Cada uma tem suas peculiaridades. A válvula spray pode ser de rosca ou recravada, com tampa plástica ou de alumínio, podendo ainda ser apenas uma capa de alumínio sobre a tampa.

Um detalhe muito importante no caso de uso da válvula spray em colônias é que obrigatoriamente a colônia precisa ser filtrada, sob pena de qualquer impureza entupir a válvula e ela parar de funcionar. Se for uma válvula rosca, ainda é possível tirar a válvula e usar o produto - não que isso seja correto, mas pelo menos não se perde o produto. Se for uma válvula recravada, a embalagem fica inutilizada e não se pode usar o produto.

Ainda nas válvulas spray, é importante definir exatamente o tamanho (comprimento) do pescante, pois, se for maior que o dimensionado, vai ficar contorcido dentro do frasco, e, se for menor, vai ficar uma quantidade no fundo que a válvula não vai puxar, pois o pescante não alcança. Chamamos de pescante ou espaguete aquele tubinho plástico que parece uma mangueirinha semirrígida.

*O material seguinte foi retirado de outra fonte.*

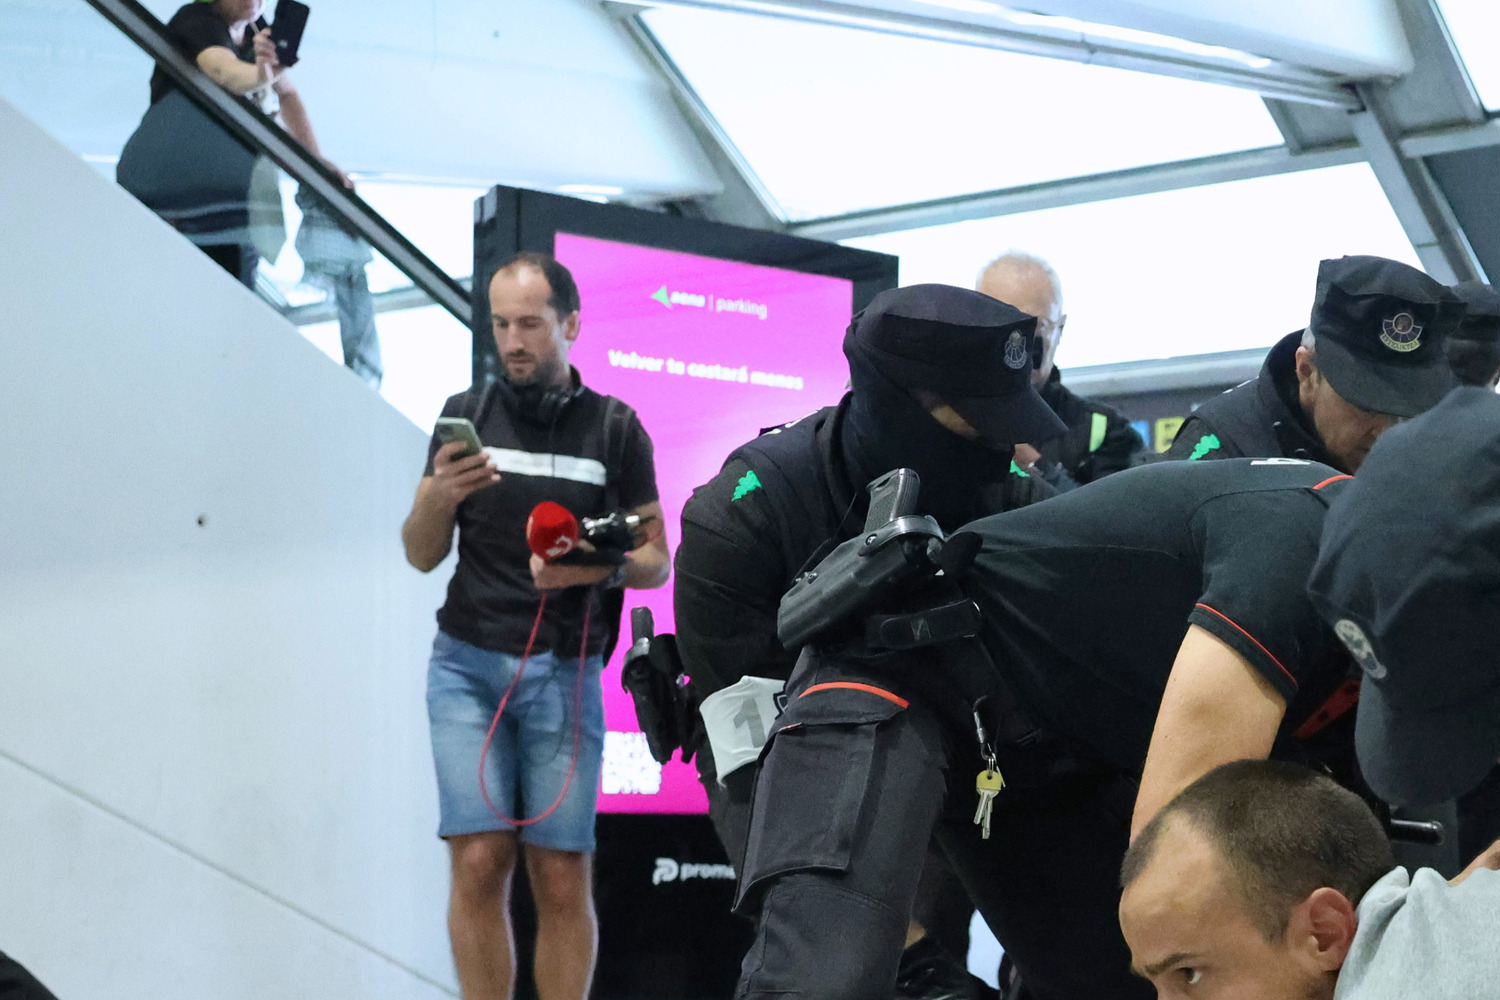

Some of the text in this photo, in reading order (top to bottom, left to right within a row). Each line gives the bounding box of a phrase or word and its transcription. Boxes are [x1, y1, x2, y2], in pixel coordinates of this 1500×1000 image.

[716, 297, 768, 320] parking
[608, 349, 804, 390] Volver te costará menos

Por experiência, vejo que um dos grandes problemas e motivos para rejeições de lote é exatamente o comprimento do pescante, pois a dúvida é sempre de onde para onde fazer a medição. Isso precisa estar informado na especificação técnica. Se medir o pescante sozinho retirando o da válvula, é um tamanho; se medir com ele acoplado na válvula, é outro. Isso porque existe uma parte que fica encaixada dentro da válvula, e essa parte precisa estar totalmente encaixada até o fim do curso interno na válvula.

Existem outras peculiaridades que também se aplicam na válvula spray. A mais conhecida é o diâmetro da válvula em função do diâmetro do gargalo do frasco que vai ser usado. Nesse aspecto, também tem a altura da “saia” da válvula.

Não menos importante é o diâmetro do pescante em função da viscosidade do produto. Produtos mais viscosos requerem pescantes de diâmetro bem maior do que produtos menos viscosos.

Por fim, é muito importante lembrar que a ponta do pescante que fica no fundo do frasco precisa ser cortada em formato de V, principalmente nos de diâmetro maior usados em produtos de alta viscosidade. Esse corte serve para evitar que a ponta do pescante toque totalmente no fundo do frasco, impedindo a entrada do produto quando do acionamento da válvula.

Diferente de alguns tempos atrás, hoje existe uma grande oferta de válvulas no mercado brasileiro, com diversas opções de cores, seja em plástico, seja em alumínio. O preço caiu muito, e já não se ouve mais falar que a válvula encarece o produto e não dá para usar.

Em resumo, se tem um componente de embalagem que facilitou a vida do consumidor quando se fala em cosméticos, esse componente é a nossa querida e inseparável válvula.